* What you should do: Copy the entries character for character.

━━━ Given data ━━━

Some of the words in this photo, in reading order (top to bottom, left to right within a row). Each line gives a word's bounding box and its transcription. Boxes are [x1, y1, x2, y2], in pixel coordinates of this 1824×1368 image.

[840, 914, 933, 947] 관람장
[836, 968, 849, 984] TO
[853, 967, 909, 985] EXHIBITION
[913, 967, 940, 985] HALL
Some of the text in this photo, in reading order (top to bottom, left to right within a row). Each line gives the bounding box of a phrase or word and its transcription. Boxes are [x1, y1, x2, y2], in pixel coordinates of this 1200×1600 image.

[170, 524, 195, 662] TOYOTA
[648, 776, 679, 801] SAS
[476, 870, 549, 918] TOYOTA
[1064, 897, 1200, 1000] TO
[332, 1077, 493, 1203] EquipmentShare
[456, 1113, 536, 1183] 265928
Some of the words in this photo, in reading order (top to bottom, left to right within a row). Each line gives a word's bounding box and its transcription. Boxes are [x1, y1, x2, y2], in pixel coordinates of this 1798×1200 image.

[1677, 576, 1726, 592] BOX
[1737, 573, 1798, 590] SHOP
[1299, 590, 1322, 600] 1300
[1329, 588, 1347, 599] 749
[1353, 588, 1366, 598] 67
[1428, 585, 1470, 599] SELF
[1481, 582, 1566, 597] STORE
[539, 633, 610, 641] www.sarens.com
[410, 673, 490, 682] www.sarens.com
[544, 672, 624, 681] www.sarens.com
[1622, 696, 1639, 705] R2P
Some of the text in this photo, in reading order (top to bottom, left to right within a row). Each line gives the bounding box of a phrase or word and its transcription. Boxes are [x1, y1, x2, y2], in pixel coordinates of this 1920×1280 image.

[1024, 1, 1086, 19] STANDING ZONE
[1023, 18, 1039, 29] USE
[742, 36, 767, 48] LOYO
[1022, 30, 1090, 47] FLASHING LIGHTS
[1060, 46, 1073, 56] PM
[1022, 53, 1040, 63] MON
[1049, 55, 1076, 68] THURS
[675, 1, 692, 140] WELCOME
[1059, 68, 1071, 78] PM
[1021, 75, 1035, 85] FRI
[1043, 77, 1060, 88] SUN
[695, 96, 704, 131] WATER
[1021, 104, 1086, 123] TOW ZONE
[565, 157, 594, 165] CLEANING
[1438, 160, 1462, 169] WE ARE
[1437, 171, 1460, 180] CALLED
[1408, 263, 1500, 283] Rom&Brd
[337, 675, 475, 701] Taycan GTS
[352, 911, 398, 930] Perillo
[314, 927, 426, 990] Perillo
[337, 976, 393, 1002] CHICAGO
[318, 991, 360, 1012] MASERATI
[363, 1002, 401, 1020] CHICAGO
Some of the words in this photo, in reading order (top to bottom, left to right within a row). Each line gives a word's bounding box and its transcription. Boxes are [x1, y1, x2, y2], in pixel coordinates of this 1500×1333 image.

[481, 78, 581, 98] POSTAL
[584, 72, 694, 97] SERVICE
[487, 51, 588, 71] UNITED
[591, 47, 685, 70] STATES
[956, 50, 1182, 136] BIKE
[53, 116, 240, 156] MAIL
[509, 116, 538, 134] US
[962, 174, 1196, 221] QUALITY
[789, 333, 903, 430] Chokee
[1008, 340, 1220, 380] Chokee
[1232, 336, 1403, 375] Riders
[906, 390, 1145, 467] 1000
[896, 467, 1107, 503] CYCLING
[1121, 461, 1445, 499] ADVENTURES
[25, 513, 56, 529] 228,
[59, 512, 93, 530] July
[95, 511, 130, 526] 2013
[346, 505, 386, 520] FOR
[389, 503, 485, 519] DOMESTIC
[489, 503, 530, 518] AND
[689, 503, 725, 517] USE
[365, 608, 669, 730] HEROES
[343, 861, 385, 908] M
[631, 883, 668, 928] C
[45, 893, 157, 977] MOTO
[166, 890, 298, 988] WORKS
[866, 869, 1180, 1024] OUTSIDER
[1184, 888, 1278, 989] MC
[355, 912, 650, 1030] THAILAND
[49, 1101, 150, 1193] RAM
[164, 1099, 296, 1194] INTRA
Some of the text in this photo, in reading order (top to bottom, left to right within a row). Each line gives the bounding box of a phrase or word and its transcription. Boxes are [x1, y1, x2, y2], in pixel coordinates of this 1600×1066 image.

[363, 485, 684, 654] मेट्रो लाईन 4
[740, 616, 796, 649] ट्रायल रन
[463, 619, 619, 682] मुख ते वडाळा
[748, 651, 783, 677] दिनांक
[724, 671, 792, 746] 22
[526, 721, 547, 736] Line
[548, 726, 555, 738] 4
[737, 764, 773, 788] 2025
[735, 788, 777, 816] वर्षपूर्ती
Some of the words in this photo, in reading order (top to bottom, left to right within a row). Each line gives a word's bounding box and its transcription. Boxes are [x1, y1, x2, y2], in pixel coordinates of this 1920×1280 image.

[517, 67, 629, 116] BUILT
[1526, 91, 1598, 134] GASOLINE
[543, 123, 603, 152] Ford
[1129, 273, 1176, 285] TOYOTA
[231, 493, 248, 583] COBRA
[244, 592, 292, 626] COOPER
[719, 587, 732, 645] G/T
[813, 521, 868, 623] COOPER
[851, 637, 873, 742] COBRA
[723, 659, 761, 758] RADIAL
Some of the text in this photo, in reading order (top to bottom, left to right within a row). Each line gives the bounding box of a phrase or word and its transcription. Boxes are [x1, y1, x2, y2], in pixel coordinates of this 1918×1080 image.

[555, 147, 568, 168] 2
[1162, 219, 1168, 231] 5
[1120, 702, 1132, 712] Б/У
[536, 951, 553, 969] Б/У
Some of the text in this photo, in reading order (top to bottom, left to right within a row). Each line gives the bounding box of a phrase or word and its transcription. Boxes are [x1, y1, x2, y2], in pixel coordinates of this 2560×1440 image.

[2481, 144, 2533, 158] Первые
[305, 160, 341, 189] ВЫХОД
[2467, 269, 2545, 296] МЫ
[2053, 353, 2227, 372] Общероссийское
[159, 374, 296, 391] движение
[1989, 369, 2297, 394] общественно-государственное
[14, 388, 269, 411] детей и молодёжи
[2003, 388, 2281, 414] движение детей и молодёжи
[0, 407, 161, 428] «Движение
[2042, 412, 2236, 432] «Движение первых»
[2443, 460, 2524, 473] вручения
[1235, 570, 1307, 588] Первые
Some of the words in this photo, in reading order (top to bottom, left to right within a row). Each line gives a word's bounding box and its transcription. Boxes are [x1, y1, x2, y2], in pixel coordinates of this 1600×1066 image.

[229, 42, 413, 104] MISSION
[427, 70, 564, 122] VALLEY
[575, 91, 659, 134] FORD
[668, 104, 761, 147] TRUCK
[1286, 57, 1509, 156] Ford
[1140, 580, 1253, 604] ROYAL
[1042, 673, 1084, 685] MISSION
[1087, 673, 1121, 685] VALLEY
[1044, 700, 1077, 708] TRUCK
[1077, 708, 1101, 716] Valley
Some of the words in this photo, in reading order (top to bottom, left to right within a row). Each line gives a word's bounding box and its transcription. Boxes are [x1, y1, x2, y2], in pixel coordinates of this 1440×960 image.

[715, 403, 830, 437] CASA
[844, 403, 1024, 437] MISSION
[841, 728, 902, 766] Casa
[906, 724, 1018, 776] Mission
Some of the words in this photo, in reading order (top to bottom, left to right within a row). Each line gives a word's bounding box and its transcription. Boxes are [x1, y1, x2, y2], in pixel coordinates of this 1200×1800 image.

━━━

* Output of the exercise:
Some of the words in this photo, in reading order (top to bottom, left to right within a row). Each line gives a word's bounding box and its transcription. Boxes are [x1, y1, x2, y2], in pixel coordinates of this 1824×1368 image.

[840, 914, 933, 947] 관람장
[836, 968, 849, 984] TO
[853, 967, 909, 985] EXHIBITION
[913, 967, 940, 985] HALL
Some of the text in this photo, in reading order (top to bottom, left to right within a row). Each line gives the bounding box of a phrase or word and its transcription. Boxes are [x1, y1, x2, y2], in pixel coordinates of this 1200×1600 image.

[170, 524, 195, 662] TOYOTA
[648, 776, 679, 801] SAS
[476, 870, 549, 918] TOYOTA
[1064, 897, 1200, 1000] TO
[332, 1077, 493, 1203] EquipmentShare
[456, 1113, 536, 1183] 265928
Some of the words in this photo, in reading order (top to bottom, left to right within a row). Each line gives a word's bounding box and its transcription. Boxes are [x1, y1, x2, y2], in pixel coordinates of this 1798×1200 image.

[1677, 576, 1726, 592] BOX
[1737, 573, 1798, 590] SHOP
[1299, 590, 1322, 600] 1300
[1329, 588, 1347, 599] 749
[1353, 588, 1366, 598] 67
[1428, 585, 1470, 599] SELF
[1481, 582, 1566, 597] STORE
[539, 633, 610, 641] www.sarens.com
[410, 673, 490, 682] www.sarens.com
[544, 672, 624, 681] www.sarens.com
[1622, 696, 1639, 705] R2P
Some of the text in this photo, in reading order (top to bottom, left to right within a row). Each line gives the bounding box of a phrase or word and its transcription. Boxes are [x1, y1, x2, y2], in pixel coordinates of this 1920×1280 image.

[1024, 1, 1086, 19] STANDING ZONE
[1023, 18, 1039, 29] USE
[742, 36, 767, 48] LOYO
[1022, 30, 1090, 47] FLASHING LIGHTS
[1060, 46, 1073, 56] PM
[1022, 53, 1040, 63] MON
[1049, 55, 1076, 68] THURS
[675, 1, 692, 140] WELCOME
[1059, 68, 1071, 78] PM
[1021, 75, 1035, 85] FRI
[1043, 77, 1060, 88] SUN
[695, 96, 704, 131] WATER
[1021, 104, 1086, 123] TOW ZONE
[565, 157, 594, 165] CLEANING
[1438, 160, 1462, 169] WE ARE
[1437, 171, 1460, 180] CALLED
[1408, 263, 1500, 283] Rom&Brd
[337, 675, 475, 701] Taycan GTS
[352, 911, 398, 930] Perillo
[314, 927, 426, 990] Perillo
[337, 976, 393, 1002] CHICAGO
[318, 991, 360, 1012] MASERATI
[363, 1002, 401, 1020] CHICAGO
Some of the words in this photo, in reading order (top to bottom, left to right within a row). Each line gives a word's bounding box and its transcription. Boxes are [x1, y1, x2, y2], in pixel coordinates of this 1500×1333 image.

[481, 78, 581, 98] POSTAL
[584, 72, 694, 97] SERVICE
[487, 51, 588, 71] UNITED
[591, 47, 685, 70] STATES
[956, 50, 1182, 136] BIKE
[53, 116, 240, 156] MAIL
[509, 116, 538, 134] US
[962, 174, 1196, 221] QUALITY
[789, 333, 903, 430] Chokee
[1008, 340, 1220, 380] Chokee
[1232, 336, 1403, 375] Riders
[906, 390, 1145, 467] 1000
[896, 467, 1107, 503] CYCLING
[1121, 461, 1445, 499] ADVENTURES
[25, 513, 56, 529] 228,
[59, 512, 93, 530] July
[95, 511, 130, 526] 2013
[346, 505, 386, 520] FOR
[389, 503, 485, 519] DOMESTIC
[489, 503, 530, 518] AND
[689, 503, 725, 517] USE
[365, 608, 669, 730] HEROES
[343, 861, 385, 908] M
[631, 883, 668, 928] C
[45, 893, 157, 977] MOTO
[166, 890, 298, 988] WORKS
[866, 869, 1180, 1024] OUTSIDER
[1184, 888, 1278, 989] MC
[355, 912, 650, 1030] THAILAND
[49, 1101, 150, 1193] RAM
[164, 1099, 296, 1194] INTRA
Some of the text in this photo, in reading order (top to bottom, left to right within a row). Each line gives the bounding box of a phrase or word and its transcription. Boxes are [x1, y1, x2, y2], in pixel coordinates of this 1600×1066 image.

[363, 485, 684, 654] मेट्रो लाईन 4
[740, 616, 796, 649] ट्रायल रन
[463, 619, 619, 682] मुख ते वडाळा
[748, 651, 783, 677] दिनांक
[724, 671, 792, 746] 22
[526, 721, 547, 736] Line
[548, 726, 555, 738] 4
[737, 764, 773, 788] 2025
[735, 788, 777, 816] वर्षपूर्ती
Some of the words in this photo, in reading order (top to bottom, left to right within a row). Each line gives a word's bounding box and its transcription. Boxes are [x1, y1, x2, y2], in pixel coordinates of this 1920×1280 image.

[517, 67, 629, 116] BUILT
[1526, 91, 1598, 134] GASOLINE
[543, 123, 603, 152] Ford
[1129, 273, 1176, 285] TOYOTA
[231, 493, 248, 583] COBRA
[244, 592, 292, 626] COOPER
[719, 587, 732, 645] G/T
[813, 521, 868, 623] COOPER
[851, 637, 873, 742] COBRA
[723, 659, 761, 758] RADIAL
Some of the text in this photo, in reading order (top to bottom, left to right within a row). Each line gives the bounding box of a phrase or word and its transcription. Boxes are [x1, y1, x2, y2], in pixel coordinates of this 1918×1080 image.

[555, 147, 568, 168] 2
[1162, 219, 1168, 231] 5
[1120, 702, 1132, 712] Б/У
[536, 951, 553, 969] Б/У
Some of the text in this photo, in reading order (top to bottom, left to right within a row). Each line gives the bounding box of a phrase or word and its transcription. Boxes are [x1, y1, x2, y2], in pixel coordinates of this 2560×1440 image.

[2481, 144, 2533, 158] Первые
[305, 160, 341, 189] ВЫХОД
[2467, 269, 2545, 296] МЫ
[2053, 353, 2227, 372] Общероссийское
[159, 374, 296, 391] движение
[1989, 369, 2297, 394] общественно-государственное
[14, 388, 269, 411] детей и молодёжи
[2003, 388, 2281, 414] движение детей и молодёжи
[0, 407, 161, 428] «Движение
[2042, 412, 2236, 432] «Движение первых»
[2443, 460, 2524, 473] вручения
[1235, 570, 1307, 588] Первые
Some of the words in this photo, in reading order (top to bottom, left to right within a row). Each line gives a word's bounding box and its transcription. Boxes are [x1, y1, x2, y2], in pixel coordinates of this 1600×1066 image.

[229, 42, 413, 104] MISSION
[427, 70, 564, 122] VALLEY
[575, 91, 659, 134] FORD
[668, 104, 761, 147] TRUCK
[1286, 57, 1509, 156] Ford
[1140, 580, 1253, 604] ROYAL
[1042, 673, 1084, 685] MISSION
[1087, 673, 1121, 685] VALLEY
[1044, 700, 1077, 708] TRUCK
[1077, 708, 1101, 716] Valley
Some of the words in this photo, in reading order (top to bottom, left to right within a row). Each line gives a word's bounding box and its transcription. Boxes are [x1, y1, x2, y2], in pixel coordinates of this 1440×960 image.

[715, 403, 830, 437] CASA
[844, 403, 1024, 437] MISSION
[841, 728, 902, 766] Casa
[906, 724, 1018, 776] Mission
Some of the words in this photo, in reading order (top to bottom, left to right within a row). Each line gives a word's bounding box and its transcription. Boxes are [x1, y1, x2, y2], in pixel coordinates of this 1200×1800 image.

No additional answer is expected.